Requirement.
Once the line containing "this 1334×1126 image." is located, give it again exactly, together with each line that follows it to the end of the entries, and add nothing else.

Information shown.
☆ ☆ ☆ ☆ ☆
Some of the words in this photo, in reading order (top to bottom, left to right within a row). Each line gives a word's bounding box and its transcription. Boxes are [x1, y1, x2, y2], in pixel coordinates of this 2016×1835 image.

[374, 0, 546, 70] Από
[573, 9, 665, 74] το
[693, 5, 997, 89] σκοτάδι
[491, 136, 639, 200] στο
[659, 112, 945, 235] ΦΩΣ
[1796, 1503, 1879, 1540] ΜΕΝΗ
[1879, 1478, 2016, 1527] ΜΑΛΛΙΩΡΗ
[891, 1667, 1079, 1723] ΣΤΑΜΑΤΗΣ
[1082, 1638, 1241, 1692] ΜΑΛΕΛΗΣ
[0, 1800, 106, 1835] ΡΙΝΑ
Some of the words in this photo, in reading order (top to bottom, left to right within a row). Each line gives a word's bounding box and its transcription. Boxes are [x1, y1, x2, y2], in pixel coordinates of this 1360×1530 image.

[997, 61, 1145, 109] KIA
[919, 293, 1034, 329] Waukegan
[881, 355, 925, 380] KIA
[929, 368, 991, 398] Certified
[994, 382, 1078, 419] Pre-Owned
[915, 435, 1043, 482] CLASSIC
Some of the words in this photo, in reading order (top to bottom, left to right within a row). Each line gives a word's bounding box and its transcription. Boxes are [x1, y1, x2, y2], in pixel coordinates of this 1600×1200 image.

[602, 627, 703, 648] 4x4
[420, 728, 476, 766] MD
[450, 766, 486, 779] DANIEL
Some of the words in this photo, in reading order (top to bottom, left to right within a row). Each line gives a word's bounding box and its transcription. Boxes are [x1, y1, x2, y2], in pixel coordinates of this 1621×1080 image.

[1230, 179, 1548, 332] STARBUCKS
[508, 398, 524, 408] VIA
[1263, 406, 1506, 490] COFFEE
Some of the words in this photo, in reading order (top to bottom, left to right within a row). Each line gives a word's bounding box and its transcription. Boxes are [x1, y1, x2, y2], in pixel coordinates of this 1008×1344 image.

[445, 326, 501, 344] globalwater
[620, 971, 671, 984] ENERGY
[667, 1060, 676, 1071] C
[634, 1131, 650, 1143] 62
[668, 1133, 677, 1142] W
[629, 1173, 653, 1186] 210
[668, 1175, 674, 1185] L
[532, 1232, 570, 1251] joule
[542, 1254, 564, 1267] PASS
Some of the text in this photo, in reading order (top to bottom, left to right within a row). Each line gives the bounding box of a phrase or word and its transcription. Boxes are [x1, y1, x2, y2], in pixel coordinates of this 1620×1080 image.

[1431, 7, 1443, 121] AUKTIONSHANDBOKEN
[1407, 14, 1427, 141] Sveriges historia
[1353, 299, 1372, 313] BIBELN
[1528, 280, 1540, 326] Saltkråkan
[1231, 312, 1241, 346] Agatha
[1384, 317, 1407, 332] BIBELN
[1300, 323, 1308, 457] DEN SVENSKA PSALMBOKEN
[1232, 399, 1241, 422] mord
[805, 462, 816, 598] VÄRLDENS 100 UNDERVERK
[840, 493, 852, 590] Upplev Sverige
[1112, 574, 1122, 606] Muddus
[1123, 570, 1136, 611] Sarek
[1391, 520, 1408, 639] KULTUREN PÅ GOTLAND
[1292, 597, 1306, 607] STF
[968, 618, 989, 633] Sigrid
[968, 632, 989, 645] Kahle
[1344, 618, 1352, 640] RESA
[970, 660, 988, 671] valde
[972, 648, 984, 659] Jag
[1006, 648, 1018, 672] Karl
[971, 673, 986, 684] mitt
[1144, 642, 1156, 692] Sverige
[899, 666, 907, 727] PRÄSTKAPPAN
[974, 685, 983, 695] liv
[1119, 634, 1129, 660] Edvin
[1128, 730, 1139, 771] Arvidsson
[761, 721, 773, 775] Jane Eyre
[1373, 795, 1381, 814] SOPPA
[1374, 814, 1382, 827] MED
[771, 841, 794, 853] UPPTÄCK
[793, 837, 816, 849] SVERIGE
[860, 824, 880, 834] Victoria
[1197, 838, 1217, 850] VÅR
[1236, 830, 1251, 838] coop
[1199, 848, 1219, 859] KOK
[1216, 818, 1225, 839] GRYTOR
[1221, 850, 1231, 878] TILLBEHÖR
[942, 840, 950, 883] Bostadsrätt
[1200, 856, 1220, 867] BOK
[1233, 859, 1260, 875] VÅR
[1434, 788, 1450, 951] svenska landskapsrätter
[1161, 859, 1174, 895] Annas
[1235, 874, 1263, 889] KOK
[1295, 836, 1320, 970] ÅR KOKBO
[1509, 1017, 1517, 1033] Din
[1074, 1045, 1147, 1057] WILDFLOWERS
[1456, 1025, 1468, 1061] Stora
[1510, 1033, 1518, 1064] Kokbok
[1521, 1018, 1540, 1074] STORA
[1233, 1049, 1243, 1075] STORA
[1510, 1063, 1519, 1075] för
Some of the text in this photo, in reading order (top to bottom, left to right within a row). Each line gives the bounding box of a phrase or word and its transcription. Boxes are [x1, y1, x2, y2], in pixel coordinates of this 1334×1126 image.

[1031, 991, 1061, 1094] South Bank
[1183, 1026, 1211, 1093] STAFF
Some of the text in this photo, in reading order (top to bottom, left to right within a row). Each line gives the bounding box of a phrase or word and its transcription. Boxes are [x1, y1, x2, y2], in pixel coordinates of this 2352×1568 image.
☆ ☆ ☆ ☆ ☆
Your response.
Some of the text in this photo, in reading order (top to bottom, left to right within a row). Each line gives the bounding box of a phrase or word and its transcription. Boxes are [x1, y1, x2, y2], in pixel coordinates of this 1334×1126 image.

[1031, 991, 1061, 1094] South Bank
[1183, 1026, 1211, 1093] STAFF
Some of the text in this photo, in reading order (top to bottom, left to right within a row). Each line gives the bounding box of a phrase or word and its transcription. Boxes are [x1, y1, x2, y2], in pixel coordinates of this 2352×1568 image.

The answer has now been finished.